So how do you help your new, struggling team become a trusting team? This chapter is not about how people develop trust in their personal relationships. There are many articles written on that topic [42]. Rather, this chapter addresses how leaders can create a culture where trust among team members is fostered, flourishes, and thrives—where people who have not begun to trust each other discover the possibility.

The first step is to assess whether you have broken trust in your team or it is just that they have yet to build trust with each other. Each of these situations has to be dealt with differently.

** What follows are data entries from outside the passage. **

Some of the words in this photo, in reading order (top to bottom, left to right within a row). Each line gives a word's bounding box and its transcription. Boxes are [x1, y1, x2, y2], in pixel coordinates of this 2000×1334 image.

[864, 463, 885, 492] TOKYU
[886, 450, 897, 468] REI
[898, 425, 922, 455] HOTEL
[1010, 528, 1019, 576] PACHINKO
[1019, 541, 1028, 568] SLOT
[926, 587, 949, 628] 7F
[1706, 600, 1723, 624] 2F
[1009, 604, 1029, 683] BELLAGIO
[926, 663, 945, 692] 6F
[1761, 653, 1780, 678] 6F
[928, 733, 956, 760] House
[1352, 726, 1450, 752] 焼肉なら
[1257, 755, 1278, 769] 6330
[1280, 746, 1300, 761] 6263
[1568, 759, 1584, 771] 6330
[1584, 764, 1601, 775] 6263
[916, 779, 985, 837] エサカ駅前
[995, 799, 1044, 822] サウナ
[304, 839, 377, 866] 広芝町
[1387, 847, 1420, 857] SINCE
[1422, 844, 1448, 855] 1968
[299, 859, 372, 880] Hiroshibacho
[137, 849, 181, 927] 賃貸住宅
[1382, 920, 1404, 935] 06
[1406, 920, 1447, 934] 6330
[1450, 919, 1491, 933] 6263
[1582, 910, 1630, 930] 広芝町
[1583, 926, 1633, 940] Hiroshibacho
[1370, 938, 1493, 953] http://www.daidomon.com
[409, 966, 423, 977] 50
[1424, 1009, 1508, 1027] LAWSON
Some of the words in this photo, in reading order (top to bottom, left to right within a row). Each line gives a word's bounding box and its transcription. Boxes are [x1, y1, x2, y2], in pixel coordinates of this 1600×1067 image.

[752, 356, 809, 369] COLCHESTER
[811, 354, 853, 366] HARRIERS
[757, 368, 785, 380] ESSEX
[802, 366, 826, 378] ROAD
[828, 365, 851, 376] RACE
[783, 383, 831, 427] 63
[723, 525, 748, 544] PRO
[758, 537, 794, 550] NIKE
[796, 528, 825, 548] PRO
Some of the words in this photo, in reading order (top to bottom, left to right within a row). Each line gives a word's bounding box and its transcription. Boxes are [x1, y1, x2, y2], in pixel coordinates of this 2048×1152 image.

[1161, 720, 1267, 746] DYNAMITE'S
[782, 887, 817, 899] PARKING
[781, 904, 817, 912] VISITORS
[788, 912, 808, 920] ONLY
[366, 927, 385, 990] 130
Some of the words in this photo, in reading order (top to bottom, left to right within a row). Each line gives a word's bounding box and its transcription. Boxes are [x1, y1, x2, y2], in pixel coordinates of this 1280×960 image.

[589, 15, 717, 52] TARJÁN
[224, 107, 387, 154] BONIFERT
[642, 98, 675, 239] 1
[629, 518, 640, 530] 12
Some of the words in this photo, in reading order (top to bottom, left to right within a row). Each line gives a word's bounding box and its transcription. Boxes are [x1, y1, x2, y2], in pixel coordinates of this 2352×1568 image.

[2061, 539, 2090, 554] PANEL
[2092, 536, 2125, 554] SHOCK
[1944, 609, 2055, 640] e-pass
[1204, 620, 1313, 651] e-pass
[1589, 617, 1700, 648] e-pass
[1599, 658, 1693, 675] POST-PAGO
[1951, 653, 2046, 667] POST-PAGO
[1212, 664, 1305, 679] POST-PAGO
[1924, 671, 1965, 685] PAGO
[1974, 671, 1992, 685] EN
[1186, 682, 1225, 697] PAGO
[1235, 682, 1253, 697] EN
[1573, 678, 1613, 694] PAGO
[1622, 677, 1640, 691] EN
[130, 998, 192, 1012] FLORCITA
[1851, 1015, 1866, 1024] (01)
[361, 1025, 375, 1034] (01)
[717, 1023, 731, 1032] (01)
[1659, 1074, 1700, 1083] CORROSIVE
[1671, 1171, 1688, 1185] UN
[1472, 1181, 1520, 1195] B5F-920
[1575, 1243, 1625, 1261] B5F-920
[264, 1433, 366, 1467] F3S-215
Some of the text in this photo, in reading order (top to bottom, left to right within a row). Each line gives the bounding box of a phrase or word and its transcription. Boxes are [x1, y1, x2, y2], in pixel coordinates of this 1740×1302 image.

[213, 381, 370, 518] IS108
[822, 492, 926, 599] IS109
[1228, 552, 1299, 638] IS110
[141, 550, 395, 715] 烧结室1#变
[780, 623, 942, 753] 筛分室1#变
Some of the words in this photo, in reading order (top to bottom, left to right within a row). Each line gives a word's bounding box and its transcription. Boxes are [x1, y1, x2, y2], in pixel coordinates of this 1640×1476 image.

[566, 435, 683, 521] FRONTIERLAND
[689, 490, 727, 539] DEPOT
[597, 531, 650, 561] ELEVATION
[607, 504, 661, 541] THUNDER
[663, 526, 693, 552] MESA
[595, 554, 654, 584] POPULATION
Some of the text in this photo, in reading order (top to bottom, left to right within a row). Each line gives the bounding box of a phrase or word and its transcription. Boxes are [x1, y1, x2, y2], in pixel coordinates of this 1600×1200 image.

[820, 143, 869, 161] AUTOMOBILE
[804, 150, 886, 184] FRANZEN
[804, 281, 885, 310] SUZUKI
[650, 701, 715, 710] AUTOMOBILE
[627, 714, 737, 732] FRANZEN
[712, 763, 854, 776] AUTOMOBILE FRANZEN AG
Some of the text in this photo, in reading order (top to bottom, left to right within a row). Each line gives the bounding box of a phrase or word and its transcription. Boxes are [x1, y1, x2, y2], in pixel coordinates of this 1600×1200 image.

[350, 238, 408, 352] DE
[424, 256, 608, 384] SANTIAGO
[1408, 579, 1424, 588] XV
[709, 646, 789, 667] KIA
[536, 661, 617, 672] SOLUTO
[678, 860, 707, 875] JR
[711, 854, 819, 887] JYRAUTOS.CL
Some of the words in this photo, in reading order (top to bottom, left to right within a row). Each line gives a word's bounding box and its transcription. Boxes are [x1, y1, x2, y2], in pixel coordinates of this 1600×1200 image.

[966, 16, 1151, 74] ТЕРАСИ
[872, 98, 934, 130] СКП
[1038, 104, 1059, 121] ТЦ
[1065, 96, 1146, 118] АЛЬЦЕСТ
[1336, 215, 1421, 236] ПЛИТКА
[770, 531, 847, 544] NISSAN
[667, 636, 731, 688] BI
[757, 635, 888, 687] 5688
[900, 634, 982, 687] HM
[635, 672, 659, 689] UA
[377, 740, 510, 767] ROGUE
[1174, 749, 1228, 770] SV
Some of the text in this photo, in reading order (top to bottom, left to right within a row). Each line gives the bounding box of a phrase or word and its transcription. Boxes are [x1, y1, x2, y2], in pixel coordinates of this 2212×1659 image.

Once the broken trust issue is resolved, focus on how to create a culture where trust within a team or with other teams can develop and thrive.

First, let’s take a look at the price tags of not having trust in an organization.

Lack of Trust Price Tags

Why should you spend the effort in creating a culture of trust? Look at the transaction costs, the number of decisions and/or actions you make when interacting with someone or something. How long does it take you to get a task done by someone you don’t trust? There is the preparation time as you figure out how to approach this person and how to clearly state your request. In the conversation, how many times did you say the same thing in different ways to ensure you were heard? How many times did you check to make sure that he correctly heard what you said? How often did you check to see if he will deliver what and when he said he would? The transaction costs of distrust are high. In a non-trusting environment, people spend a large amount of time protecting themselves. No wonder teams without trust exhibit low productivity.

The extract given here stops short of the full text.